IMF Annual Consultation Report
"National Pension Proposed to Integrate with Occupational Pensions"
The International Monetary Fund (IMF) emphasized the need for pension reform, stating that if there are no changes to pension policies in the future, the South Korean government debt will reach twice the size of the Gross Domestic Product (GDP) by 2075.
According to the IMF's annual consultation report on South Korea released on the 19th, if the current pension system is maintained, public sector debt is expected to increase to about 200% of GDP by 2075. This assumes that the government will continuously cover the deficits of the National Pension for more than 50 years without any changes to pension policies.
Herald Finger, head of the IMF mission, explained, "The public sector debt in the report includes only central government debt," and added, "The projections also considered legislated pension reforms." Even considering the current pension system, which delays the starting age for National Pension benefits to 65 for those born after 1969 and lowers the income replacement rate to 40%, the increase in government debt due to aging cannot be prevented.
South Korea's old-age dependency ratio is projected to be 80 by 2050, surpassing Japan to become the most aged country among OECD member states. The old-age dependency ratio refers to the ratio of the elderly population per 100 working-age people.
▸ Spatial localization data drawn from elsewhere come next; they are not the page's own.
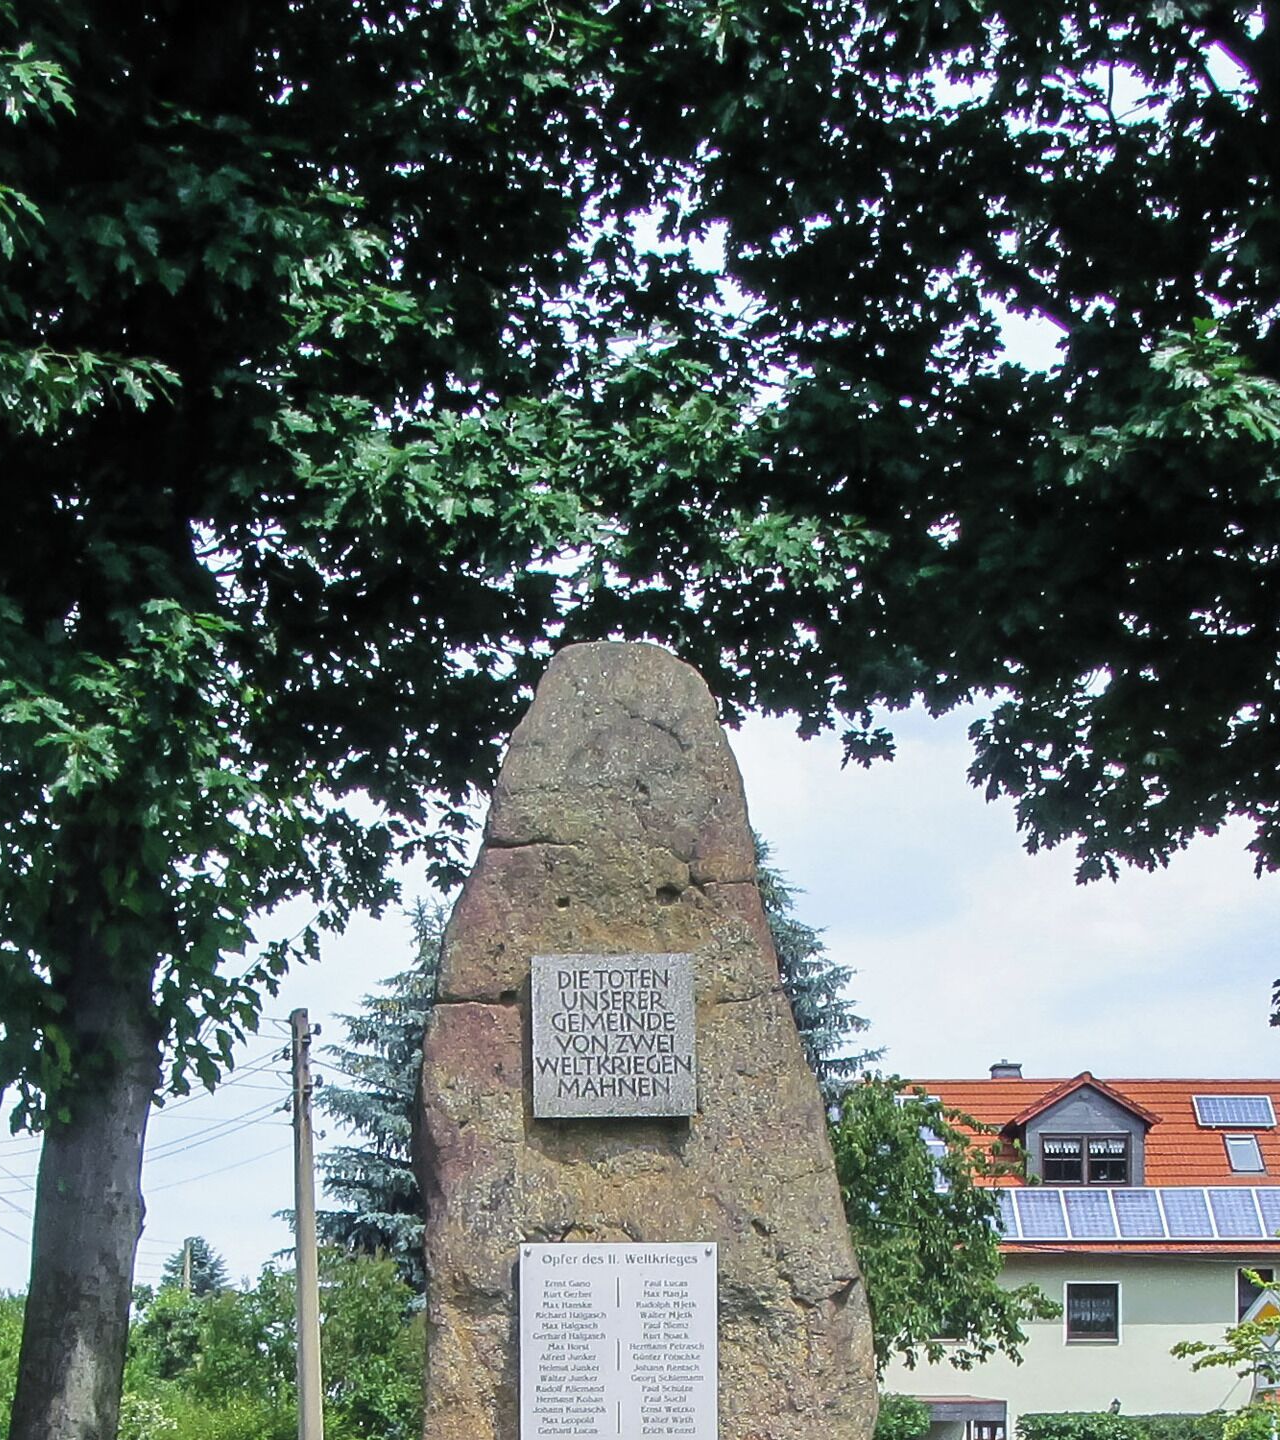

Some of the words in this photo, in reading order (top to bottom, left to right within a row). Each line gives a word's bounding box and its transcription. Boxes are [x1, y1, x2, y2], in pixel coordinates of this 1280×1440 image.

[558, 970, 590, 989] DIE
[593, 969, 670, 989] TOTEN
[560, 990, 667, 1012] UNSERER
[551, 1012, 676, 1032] GEMEINDE
[555, 1034, 609, 1053] VON
[615, 1034, 675, 1053] ZWEI
[535, 1055, 692, 1076] WELTKRIEGEN
[557, 1077, 671, 1098] MAHNEN
[542, 1254, 578, 1267] Opfer
[582, 1253, 604, 1265] des
[624, 1253, 698, 1267] Weltkrieges
[643, 1290, 660, 1298] Max
[535, 1311, 567, 1319] Richard
[541, 1322, 558, 1330] Max
Aging acts as a factor increasing pension expenditures, with pension spending as a percentage of GDP rising from 1.8% in 2009 to 4.0% last year.
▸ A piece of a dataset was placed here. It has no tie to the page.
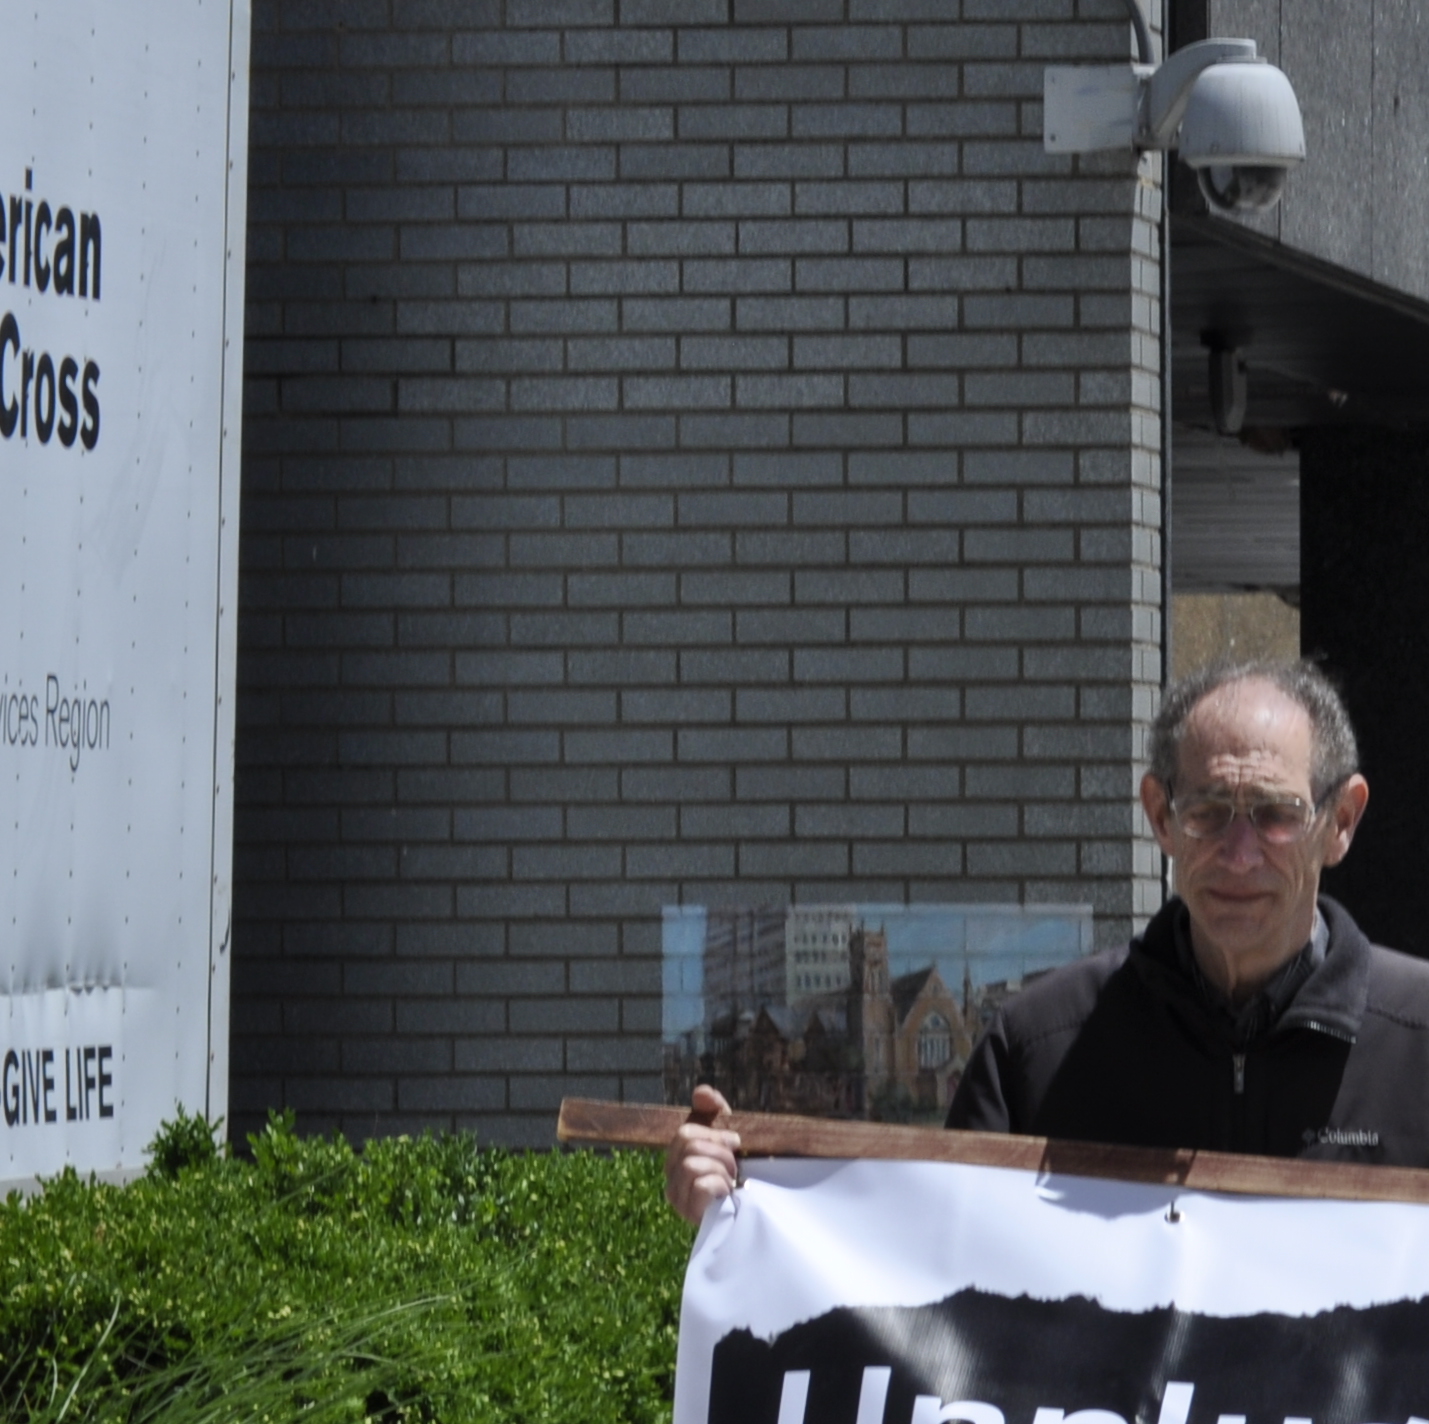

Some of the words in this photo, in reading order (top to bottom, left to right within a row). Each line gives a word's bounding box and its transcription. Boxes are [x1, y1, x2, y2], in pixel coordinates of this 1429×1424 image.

The IMF also pointed out the problem of relatively high elderly poverty rates due to the low adequacy of pension benefits in South Korea. Therefore, pension reform is necessary, considering the long-term fiscal sustainability and alleviation of old-age poverty. Specific measures to implement this include raising pension contribution rates (insurance premiums), extending retirement age, and lowering the pension income replacement rate. However, since lowering the pension income replacement rate negatively affects benefit adequacy, it was advised to consider measures such as increasing the basic pension to address elderly poverty.
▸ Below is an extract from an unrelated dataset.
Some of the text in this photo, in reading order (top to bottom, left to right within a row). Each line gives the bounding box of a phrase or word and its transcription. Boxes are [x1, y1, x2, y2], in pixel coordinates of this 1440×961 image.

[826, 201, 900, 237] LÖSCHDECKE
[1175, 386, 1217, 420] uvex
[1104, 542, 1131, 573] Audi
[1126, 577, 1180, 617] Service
The IMF proposed the long-term integration of the National Pension with other occupational pensions. Operating separate pension systems causes equity issues, reduces labor market mobility, and is administratively inefficient. Additionally, the IMF recommended considering measures to increase tax revenue and rationalize expenditures to address long-term fiscal challenges caused by population aging. This includes reducing income tax deductions, raising value-added tax (VAT), and rationally managing tax expenditures for industries and small and medium-sized enterprises.
Furthermore, the IMF pointed out the financial soundness issues of energy public enterprises and stated that domestic energy prices, such as electricity rates, should be linked to international raw material prices. The high energy costs caused by last year's surge in international raw material prices were not sufficiently passed on to domestic consumers, resulting in huge losses for Korea Electric Power Corporation and Korea Gas Corporation. Along with this, the IMF recommended not extending the fuel tax reduction measure, which was extended until the end of this year.